• [The problem] Could the listing below be reproduced exactly, minus its pictures?

══════════════════════════════

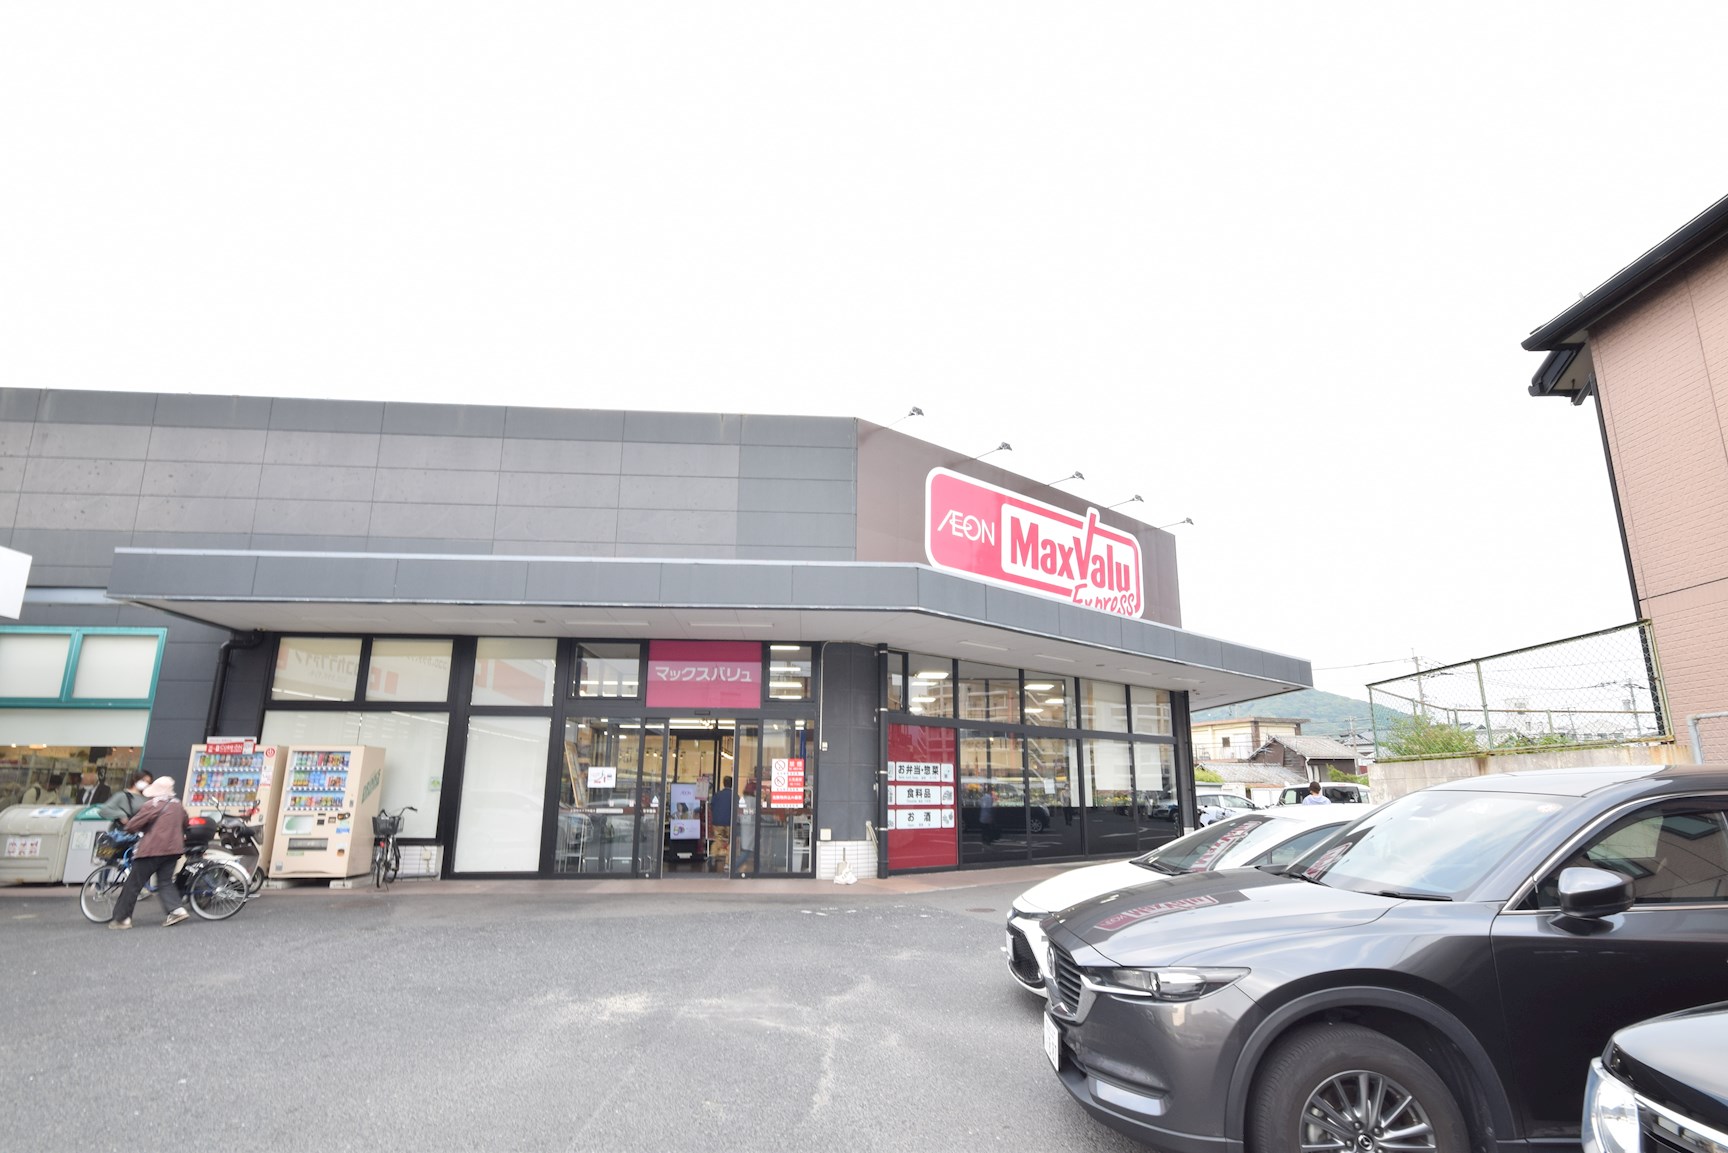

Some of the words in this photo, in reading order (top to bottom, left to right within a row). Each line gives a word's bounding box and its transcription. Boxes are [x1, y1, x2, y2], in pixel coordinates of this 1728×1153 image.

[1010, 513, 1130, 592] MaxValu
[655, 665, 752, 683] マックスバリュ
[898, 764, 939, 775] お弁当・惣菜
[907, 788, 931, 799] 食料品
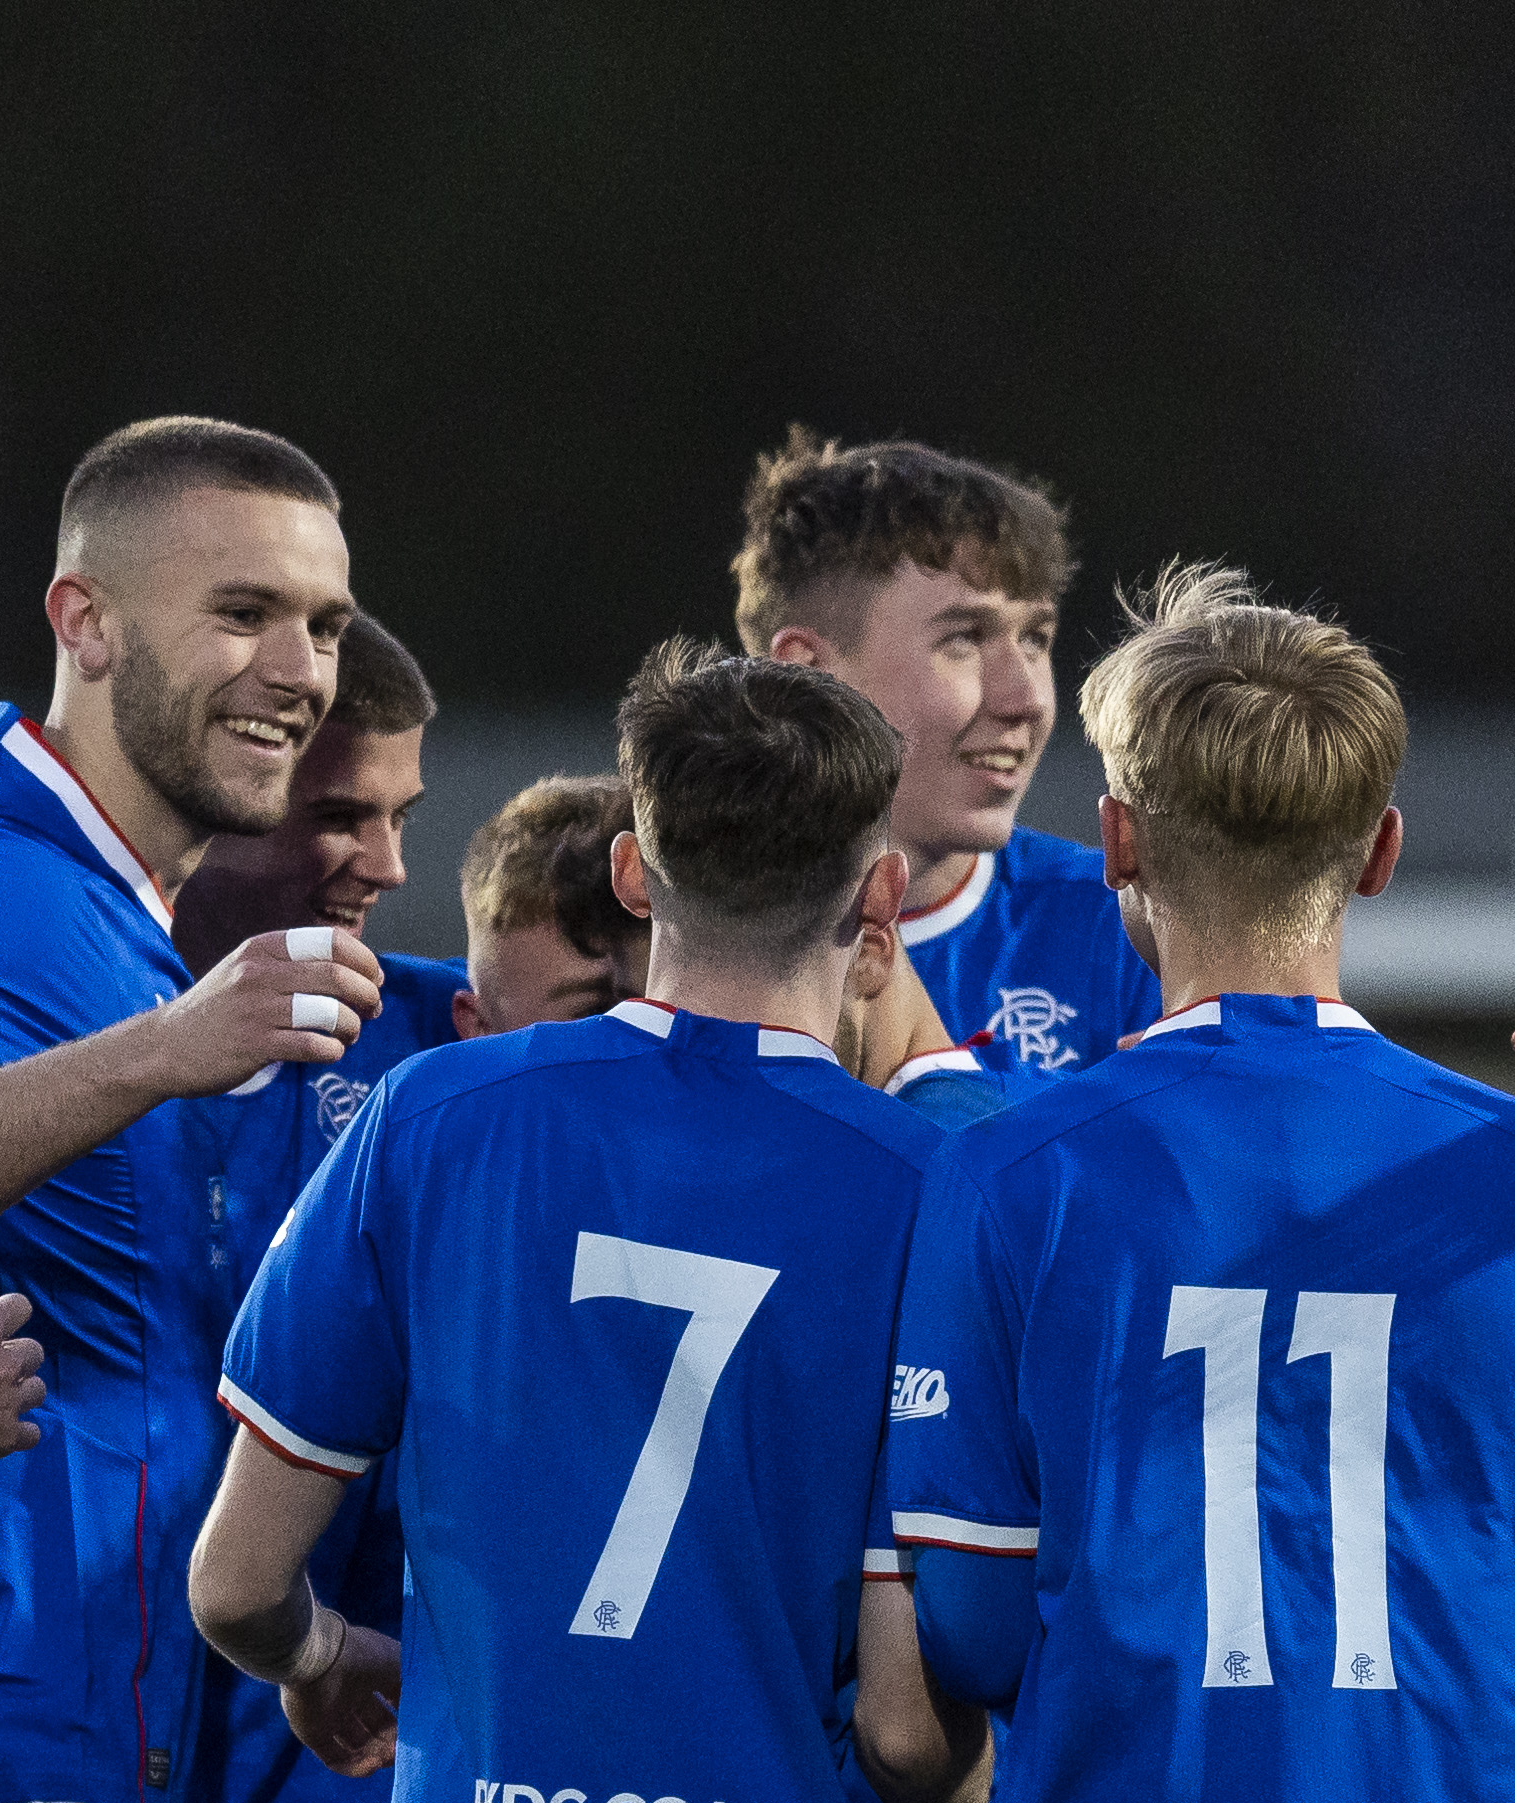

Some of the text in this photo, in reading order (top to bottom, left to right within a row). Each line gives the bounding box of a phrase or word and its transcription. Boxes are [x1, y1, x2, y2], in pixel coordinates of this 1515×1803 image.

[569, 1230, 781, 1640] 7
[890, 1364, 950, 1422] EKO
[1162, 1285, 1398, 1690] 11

══════════════════════════════

• [Expected output]
Some of the words in this photo, in reading order (top to bottom, left to right within a row). Each line gives a word's bounding box and its transcription. Boxes are [x1, y1, x2, y2], in pixel coordinates of this 1728×1153 image.

[1010, 513, 1130, 592] MaxValu
[655, 665, 752, 683] マックスバリュ
[898, 764, 939, 775] お弁当・惣菜
[907, 788, 931, 799] 食料品

Some of the text in this photo, in reading order (top to bottom, left to right within a row). Each line gives the bounding box of a phrase or word and its transcription. Boxes are [x1, y1, x2, y2], in pixel coordinates of this 1515×1803 image.

[569, 1230, 781, 1640] 7
[890, 1364, 950, 1422] EKO
[1162, 1285, 1398, 1690] 11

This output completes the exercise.